Признаки поперечного повреждения спинного мозга:
– Обездвиженность, потеря чувствительности и тонуса конечности.
– Отсутствие защитных реакций даже при воздействии очень сильных болевых раздражителей.
– В некоторых случаях нарушение сознания, непроизвольное мочеиспускание или дефекация.
– Снижение АД.
Признаки спинального шока: бледность кожных покровов, тёплые конечности, артериальная гипотензия, брадикардия, брадипноэ, параличи.

Лечение: (А,1++)  
Больного следует уложить на спину на щите или другой жесткой ровной поверхности. Следует как можно меньше изменять положение больного. Обязательно наложение иммобилизационного воротника, применение лопастных носилок и вакуумного матраса. По возможности вводят анальгетики. Обезболивание выполняют путём введения наркотических или ненаркотических анальгетиков в сочетании с антигистаминными препаратами (2 мл 50% р-ра метамизола натрия, 1—2 мл 1—2% р-ра тримеперидина с 1-2 мл 1% р-ра дифенгидрамина) и транспортируют пострадавшего в  стационар в лежачем положении на спине при переломах тел позвонков и на животе при повреждении дуг и отростков позвонков.

Дальнейшее ведение пациента:
Любое подозрение на спинальную травму является показанием к экстренной доставки больного стационар.
Больного следует уложить на спину на щите или другой жесткой ровной поверхности. Следует как можно меньше изменять положение больного. Обязательно наложение иммобилизационного воротника, применение лопастных носилок и вакуумного матраса.

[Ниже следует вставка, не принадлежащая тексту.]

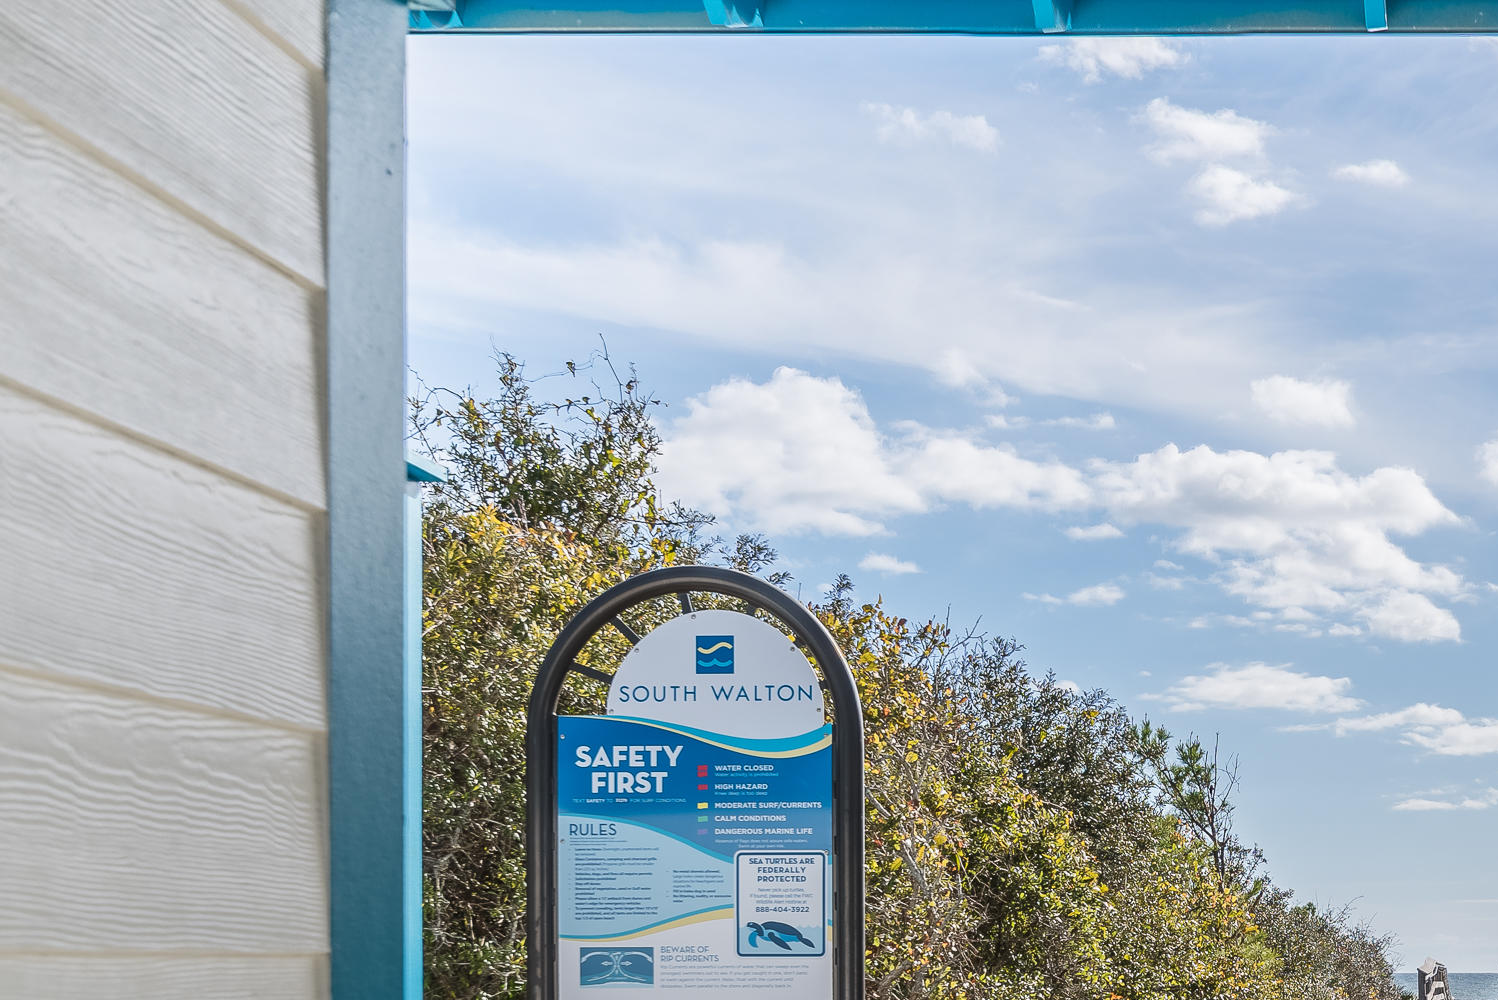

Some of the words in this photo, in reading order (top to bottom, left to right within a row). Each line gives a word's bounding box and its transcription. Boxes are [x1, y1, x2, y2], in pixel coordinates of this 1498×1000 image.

[619, 685, 697, 703] SOUTH
[711, 684, 813, 702] WALTON
[575, 745, 683, 767] SAFETY
[591, 771, 668, 794] FIRST
[758, 801, 822, 809] SURF/CURRENTS
[569, 823, 617, 836] RULES
[675, 954, 719, 962] CURRENTS

ОКАЗАНИЕ СКОРОЙ МЕДИЦИНСКОЙ ПОМОЩИ НА ГОСПИТАЛЬНОМ ЭТАПЕ В СТАЦИОНАРНОМ ОТДЕЛЕНИИ СКОРОЙ МЕДИЦИНСКОЙ ПОМОЩИ (СтОСМП)

Читайте также:  Перелом со смещением операцию можно делать

Диагностика (А, 1++) 
Клинико-рентгенологические, компьютерно-томографические (КТ), спирально-компьютерно-томографические (СКТ), магнитно-резонансно-томографические (МРТ), электрофизиологические исследования позволяют достаточно полно представить характер повреждений, возникающих при определённых механизмах травмы  в различных отделах, в соответствующих позвоночных сегментах.

Лечение (А, 1++)  
Пострадавшего необходимо в экстренном порядке тщательно обследовать для установления наличия, вида и характера имеющегося повреждения позвоночника и спинного мозга, определения сопутствующей патологии и общего состояния пациента. У пациента со стабильным соматическим статусом при подвывихе, вывихе, переломовывихе, оскольчатом переломе позвонка, особенно осложнённом повреждением, компрессией спинного мозга и спинномозговых корешков, посттравматическую деформацию позвоночника необходимо срочно устранить посредством одномоментного закрытого вправления либо скелетного вытяжения, что более эффективно и чаще применяется в клинической практике. Посредством форсированной тракции большими грузами (массой до 18 кг) на скелетном вытяжении обычно удаётся устранить посттравматическую деформацию, дислокацию позвонков при различных вывихах. После вправления вывиха позвонка, подтверждённого контрольной рентгенографией, КТ, груз на вытяжении уменьшают до 4-6 кг. Затем скелетное вытяжение продолжают в заданном положении в стабилизационном режиме в течение нескольких дней. В этот период пациент нуждается в тщательном постоянном наблюдении, контроле стабилизирующего скелетного вытяжения. В то же время осуществляют симптоматическое и системное лечение в зависимости от повреждения спинного мозга и спинномозговых корешков, клинических проявлений сопутствующих повреждений и заболеваний.
Пациентам с клинической картиной спинального шока, сопровождающегося триадой известных симптомов (артериальная гипотензия, брадикардия, гипотермия), назначают метилпреднизолон по следующей схеме. Препарат при введении в начальной дозе 30 мг/кг не позднее 8 ч после травмы, а далее — 5,4 мг/ч в течение суток уменьшает отёк, препятствует увеличению зоны некроза спинного мозга, способствует восстановлению спинального кровотока. С большим положительным эффектом используют бетаметазон — препарат для купирования спинального шока. Обладая противовоспалительным эффектом, бетаметазон улучшает кровообращение в повреждённом спинном мозге, проводимость и генерирование нервных импульсов, уменьшает развитие восходящего отёка спинного мозга. При проведении гормональной терапии, а также для профилактики стрессовых язв желудка и двенадцатиперстной кишки в обязательном порядке назначают в суточной дозировке блокаторы гистаминовых Н2-рецепторов (циметидин и др.) путём непрерывного введения через шприц-дозатор.
Пациентам со стабильным статусом, сохраняющейся после вправления на вытяжении позицией позвонков в зависимости от характера травмы, поражения спинного мозга, количества травмированных позвоночных сегментов, сопутствующих повреждений и заболеваний, соматического состояния скелетное вытяжение при консервативном лечении заменяют внешней иммобилизацией шейного отдела в достигнутом положении жёстким воротником или краниоторакальным корсетом, реже — галоаппаратом. 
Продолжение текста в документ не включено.